ACTIVITY
Set down every entry once more, character for character.

(Data entries)

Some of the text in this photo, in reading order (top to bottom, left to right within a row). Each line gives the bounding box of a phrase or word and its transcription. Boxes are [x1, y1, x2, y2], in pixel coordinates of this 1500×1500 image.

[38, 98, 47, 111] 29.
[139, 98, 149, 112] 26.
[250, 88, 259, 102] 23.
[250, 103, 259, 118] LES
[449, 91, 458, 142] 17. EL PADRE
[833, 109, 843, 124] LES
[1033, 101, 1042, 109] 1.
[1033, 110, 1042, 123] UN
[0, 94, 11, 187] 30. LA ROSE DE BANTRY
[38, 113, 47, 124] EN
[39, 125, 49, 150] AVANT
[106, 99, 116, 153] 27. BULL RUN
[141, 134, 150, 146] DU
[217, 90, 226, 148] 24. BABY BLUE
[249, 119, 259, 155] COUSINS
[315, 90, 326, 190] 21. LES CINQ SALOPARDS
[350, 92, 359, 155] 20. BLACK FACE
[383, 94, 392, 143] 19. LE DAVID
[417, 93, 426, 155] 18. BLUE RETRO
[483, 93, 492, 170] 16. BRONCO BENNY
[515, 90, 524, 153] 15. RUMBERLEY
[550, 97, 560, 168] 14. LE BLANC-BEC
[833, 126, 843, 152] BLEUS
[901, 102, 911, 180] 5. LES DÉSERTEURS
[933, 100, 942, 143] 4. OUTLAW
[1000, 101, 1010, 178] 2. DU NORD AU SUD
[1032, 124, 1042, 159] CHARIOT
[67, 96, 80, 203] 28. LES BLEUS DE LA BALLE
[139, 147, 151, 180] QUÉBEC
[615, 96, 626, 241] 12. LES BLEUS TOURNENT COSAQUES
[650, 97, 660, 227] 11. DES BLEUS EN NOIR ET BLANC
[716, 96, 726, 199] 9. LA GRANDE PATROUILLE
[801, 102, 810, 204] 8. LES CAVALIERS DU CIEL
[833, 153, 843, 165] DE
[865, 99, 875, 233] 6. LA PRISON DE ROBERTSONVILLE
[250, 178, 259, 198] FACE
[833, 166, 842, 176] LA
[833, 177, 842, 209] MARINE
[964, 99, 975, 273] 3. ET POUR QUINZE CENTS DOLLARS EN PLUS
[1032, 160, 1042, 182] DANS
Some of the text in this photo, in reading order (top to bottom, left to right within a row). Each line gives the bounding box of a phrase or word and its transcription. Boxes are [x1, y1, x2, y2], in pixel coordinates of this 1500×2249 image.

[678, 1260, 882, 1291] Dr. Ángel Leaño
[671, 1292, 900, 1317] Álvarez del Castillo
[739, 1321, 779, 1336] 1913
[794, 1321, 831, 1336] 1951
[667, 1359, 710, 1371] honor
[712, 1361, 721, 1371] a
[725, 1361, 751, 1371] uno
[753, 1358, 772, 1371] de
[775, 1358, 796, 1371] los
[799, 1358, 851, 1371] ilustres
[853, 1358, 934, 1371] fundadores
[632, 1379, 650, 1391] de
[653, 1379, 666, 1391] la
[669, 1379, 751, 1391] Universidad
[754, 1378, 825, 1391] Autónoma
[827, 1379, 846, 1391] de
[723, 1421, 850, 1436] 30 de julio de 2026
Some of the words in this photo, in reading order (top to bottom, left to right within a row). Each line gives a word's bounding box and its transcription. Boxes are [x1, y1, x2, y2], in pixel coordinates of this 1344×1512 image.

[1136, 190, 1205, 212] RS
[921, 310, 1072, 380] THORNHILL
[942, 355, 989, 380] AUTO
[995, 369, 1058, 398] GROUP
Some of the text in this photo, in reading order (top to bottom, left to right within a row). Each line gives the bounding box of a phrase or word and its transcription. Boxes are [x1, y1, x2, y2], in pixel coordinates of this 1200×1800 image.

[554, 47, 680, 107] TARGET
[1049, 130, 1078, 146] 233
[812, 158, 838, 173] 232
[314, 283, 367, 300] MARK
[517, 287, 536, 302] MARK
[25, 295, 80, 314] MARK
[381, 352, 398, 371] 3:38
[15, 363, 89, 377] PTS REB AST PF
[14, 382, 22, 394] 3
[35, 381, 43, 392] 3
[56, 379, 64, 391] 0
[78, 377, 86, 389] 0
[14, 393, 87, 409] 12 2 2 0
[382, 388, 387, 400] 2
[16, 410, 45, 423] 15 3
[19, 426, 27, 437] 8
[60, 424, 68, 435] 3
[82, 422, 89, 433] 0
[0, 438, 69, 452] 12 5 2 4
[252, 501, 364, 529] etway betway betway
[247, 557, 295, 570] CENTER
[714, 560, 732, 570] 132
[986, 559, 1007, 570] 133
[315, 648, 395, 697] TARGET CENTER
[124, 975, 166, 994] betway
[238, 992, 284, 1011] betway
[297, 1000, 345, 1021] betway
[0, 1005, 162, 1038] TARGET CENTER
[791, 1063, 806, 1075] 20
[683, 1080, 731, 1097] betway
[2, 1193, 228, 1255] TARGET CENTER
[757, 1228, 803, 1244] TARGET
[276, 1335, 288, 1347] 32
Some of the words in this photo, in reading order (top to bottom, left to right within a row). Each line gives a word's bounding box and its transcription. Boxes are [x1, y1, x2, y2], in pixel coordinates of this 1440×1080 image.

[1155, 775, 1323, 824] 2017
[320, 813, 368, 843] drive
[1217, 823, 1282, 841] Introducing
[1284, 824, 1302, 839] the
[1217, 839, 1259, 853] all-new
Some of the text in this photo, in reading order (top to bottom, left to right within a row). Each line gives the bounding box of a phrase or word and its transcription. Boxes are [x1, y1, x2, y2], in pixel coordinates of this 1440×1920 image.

TASK ANSWER
Some of the text in this photo, in reading order (top to bottom, left to right within a row). Each line gives the bounding box of a phrase or word and its transcription. Boxes are [x1, y1, x2, y2], in pixel coordinates of this 1500×1500 image.

[38, 98, 47, 111] 29.
[139, 98, 149, 112] 26.
[250, 88, 259, 102] 23.
[250, 103, 259, 118] LES
[449, 91, 458, 142] 17. EL PADRE
[833, 109, 843, 124] LES
[1033, 101, 1042, 109] 1.
[1033, 110, 1042, 123] UN
[0, 94, 11, 187] 30. LA ROSE DE BANTRY
[38, 113, 47, 124] EN
[39, 125, 49, 150] AVANT
[106, 99, 116, 153] 27. BULL RUN
[141, 134, 150, 146] DU
[217, 90, 226, 148] 24. BABY BLUE
[249, 119, 259, 155] COUSINS
[315, 90, 326, 190] 21. LES CINQ SALOPARDS
[350, 92, 359, 155] 20. BLACK FACE
[383, 94, 392, 143] 19. LE DAVID
[417, 93, 426, 155] 18. BLUE RETRO
[483, 93, 492, 170] 16. BRONCO BENNY
[515, 90, 524, 153] 15. RUMBERLEY
[550, 97, 560, 168] 14. LE BLANC-BEC
[833, 126, 843, 152] BLEUS
[901, 102, 911, 180] 5. LES DÉSERTEURS
[933, 100, 942, 143] 4. OUTLAW
[1000, 101, 1010, 178] 2. DU NORD AU SUD
[1032, 124, 1042, 159] CHARIOT
[67, 96, 80, 203] 28. LES BLEUS DE LA BALLE
[139, 147, 151, 180] QUÉBEC
[615, 96, 626, 241] 12. LES BLEUS TOURNENT COSAQUES
[650, 97, 660, 227] 11. DES BLEUS EN NOIR ET BLANC
[716, 96, 726, 199] 9. LA GRANDE PATROUILLE
[801, 102, 810, 204] 8. LES CAVALIERS DU CIEL
[833, 153, 843, 165] DE
[865, 99, 875, 233] 6. LA PRISON DE ROBERTSONVILLE
[250, 178, 259, 198] FACE
[833, 166, 842, 176] LA
[833, 177, 842, 209] MARINE
[964, 99, 975, 273] 3. ET POUR QUINZE CENTS DOLLARS EN PLUS
[1032, 160, 1042, 182] DANS
Some of the text in this photo, in reading order (top to bottom, left to right within a row). Each line gives the bounding box of a phrase or word and its transcription. Boxes are [x1, y1, x2, y2], in pixel coordinates of this 1500×2249 image.

[678, 1260, 882, 1291] Dr. Ángel Leaño
[671, 1292, 900, 1317] Álvarez del Castillo
[739, 1321, 779, 1336] 1913
[794, 1321, 831, 1336] 1951
[667, 1359, 710, 1371] honor
[712, 1361, 721, 1371] a
[725, 1361, 751, 1371] uno
[753, 1358, 772, 1371] de
[775, 1358, 796, 1371] los
[799, 1358, 851, 1371] ilustres
[853, 1358, 934, 1371] fundadores
[632, 1379, 650, 1391] de
[653, 1379, 666, 1391] la
[669, 1379, 751, 1391] Universidad
[754, 1378, 825, 1391] Autónoma
[827, 1379, 846, 1391] de
[723, 1421, 850, 1436] 30 de julio de 2026
Some of the words in this photo, in reading order (top to bottom, left to right within a row). Each line gives a word's bounding box and its transcription. Boxes are [x1, y1, x2, y2], in pixel coordinates of this 1344×1512 image.

[1136, 190, 1205, 212] RS
[921, 310, 1072, 380] THORNHILL
[942, 355, 989, 380] AUTO
[995, 369, 1058, 398] GROUP
Some of the text in this photo, in reading order (top to bottom, left to right within a row). Each line gives the bounding box of a phrase or word and its transcription. Boxes are [x1, y1, x2, y2], in pixel coordinates of this 1200×1800 image.

[554, 47, 680, 107] TARGET
[1049, 130, 1078, 146] 233
[812, 158, 838, 173] 232
[314, 283, 367, 300] MARK
[517, 287, 536, 302] MARK
[25, 295, 80, 314] MARK
[381, 352, 398, 371] 3:38
[15, 363, 89, 377] PTS REB AST PF
[14, 382, 22, 394] 3
[35, 381, 43, 392] 3
[56, 379, 64, 391] 0
[78, 377, 86, 389] 0
[14, 393, 87, 409] 12 2 2 0
[382, 388, 387, 400] 2
[16, 410, 45, 423] 15 3
[19, 426, 27, 437] 8
[60, 424, 68, 435] 3
[82, 422, 89, 433] 0
[0, 438, 69, 452] 12 5 2 4
[252, 501, 364, 529] etway betway betway
[247, 557, 295, 570] CENTER
[714, 560, 732, 570] 132
[986, 559, 1007, 570] 133
[315, 648, 395, 697] TARGET CENTER
[124, 975, 166, 994] betway
[238, 992, 284, 1011] betway
[297, 1000, 345, 1021] betway
[0, 1005, 162, 1038] TARGET CENTER
[791, 1063, 806, 1075] 20
[683, 1080, 731, 1097] betway
[2, 1193, 228, 1255] TARGET CENTER
[757, 1228, 803, 1244] TARGET
[276, 1335, 288, 1347] 32
Some of the words in this photo, in reading order (top to bottom, left to right within a row). Each line gives a word's bounding box and its transcription. Boxes are [x1, y1, x2, y2], in pixel coordinates of this 1440×1080 image.

[1155, 775, 1323, 824] 2017
[320, 813, 368, 843] drive
[1217, 823, 1282, 841] Introducing
[1284, 824, 1302, 839] the
[1217, 839, 1259, 853] all-new
Some of the text in this photo, in reading order (top to bottom, left to right within a row). Each line gives the bounding box of a phrase or word and its transcription. Boxes are [x1, y1, x2, y2], in pixel coordinates of this 1440×1920 image.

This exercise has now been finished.